Проголодали день, проголодали два, несколько поумнели, и Санин сказал своему купе: «Вот что, ребята, так пропадём. Давайте, у кого есть хорошие вещи, – я выменяю, принесу вам пожрать». Он с большой уверенностью одни вещи брал, другие отклонял (не все соглашались и давать – так никто ж их и не вынуждал!). Потом попросился на выход вместе с Мережковым, странно – конвой их выпустил. Они ушли с вещами в сторону купе конвоя и вернулись с нарезанными буханками хлеба и с махоркой. Это были те самые буханки– из семи килограммов, недодаваемых на купе в день, только теперь они назначались не всем поровну, а лишь тем, кто дал вещи.

И это было вполне справедливо: ведь все же признали, что они довольны и уменьшенной пайкой. И справедливо было потому, что вещи чего–то стоят, за них надо же платить. И в дальнем загляде тоже справедливо: ведь это слишком хорошие вещи для лагеря, они всё равно обречены там быть отняты или украдены.

А махорка была – конвоя. Солдаты делились с заключёнными своею кровной махрой – но и это было справедливо, потому что они тоже ели хлеб заключённых и пили их сахар, слишком хороший для врагов.
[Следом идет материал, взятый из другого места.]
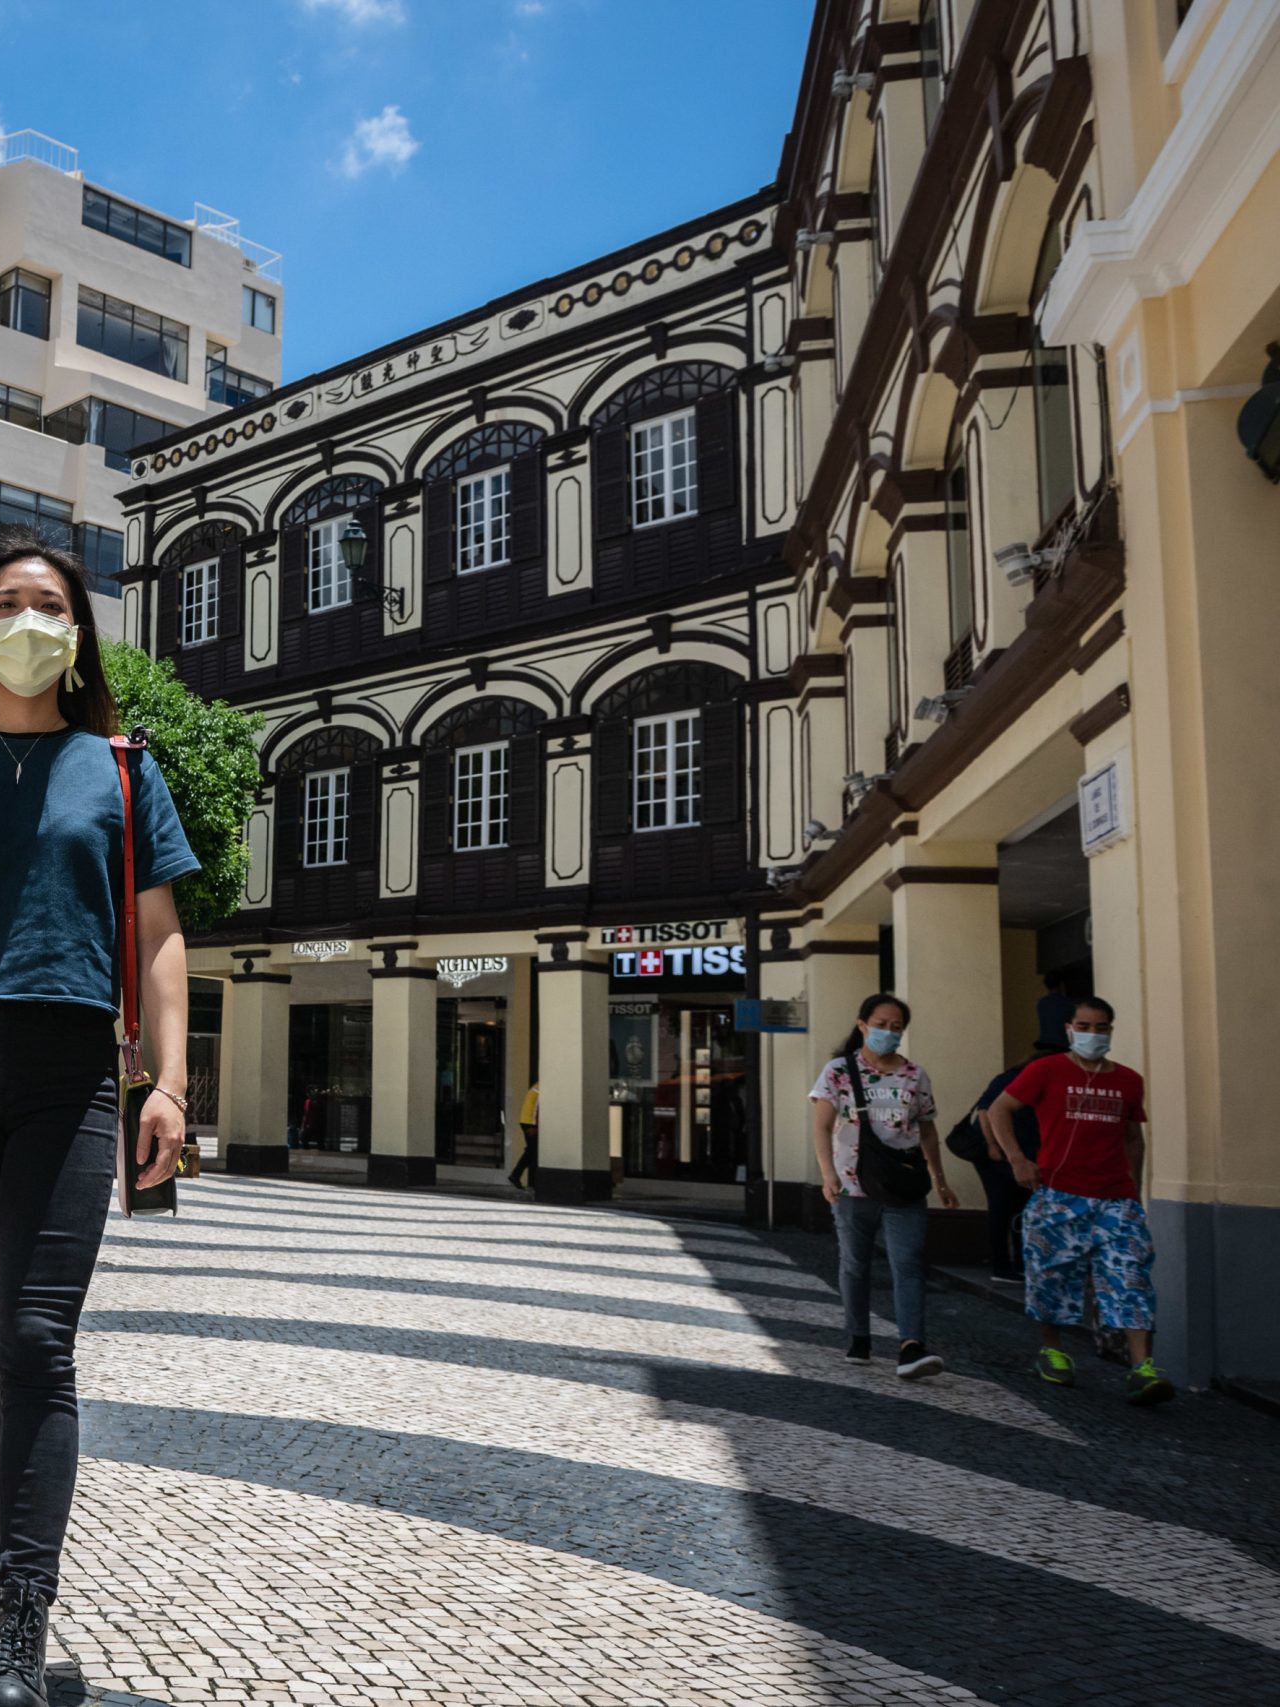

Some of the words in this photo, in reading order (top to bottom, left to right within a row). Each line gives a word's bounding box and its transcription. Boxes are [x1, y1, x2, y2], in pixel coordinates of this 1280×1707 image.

И наконец, справедливо было то, что Санин и Мережков, не дав вещей, взяли себе больше, чем хозяева вещей, – потому что без них бы это всё и не устроилось.

И так сидели, сжатые в полутьме, и одни жевали краюхи хлеба, принадлежащие соседям, а те смотрели на них. Прикуривать же конвой не давал поодиночке, а в два часа раз—и весь вагон заволакивался дымом, как будто что горело. Те, кто сперва с вещичками жались, – теперь жалели, что не дали Санину, и просили взять у них, но Санин сказал: потом.

Эта операция не прошла бы так хорошо и так до конца, если б то не были затяжные поезда послевоенных лет, когда вагон–заки и перецепляли, и на станциях держали, – так зато без после войны и вещичек бы тех не было, за которыми гоняться. До Куйбышева ехали неделю – и всю неделю от государства давали только двести пятьдесят граммов хлеба (впрочем, двойную блокадную норму), сушёную воблу и воду. Остальной хлеб нужно было выкупить за свои вещи. Скоро предложение превысило спрос, и конвой уже очень неохотно брал вещи, перебирал.

На Куйбышевскую пересылку их свозили, помыли, вернули в том же составе в тот же вагон. Конвой принял их новый, – но по эстафете ему было, очевидно, объяснено, как добывать вещи, – и тот же порядок покупки собственной пайки возобновился до Новосибирска. (Легко представить, что этот заразительный опыт в конвойных дивизионах переимчиво распространялся.)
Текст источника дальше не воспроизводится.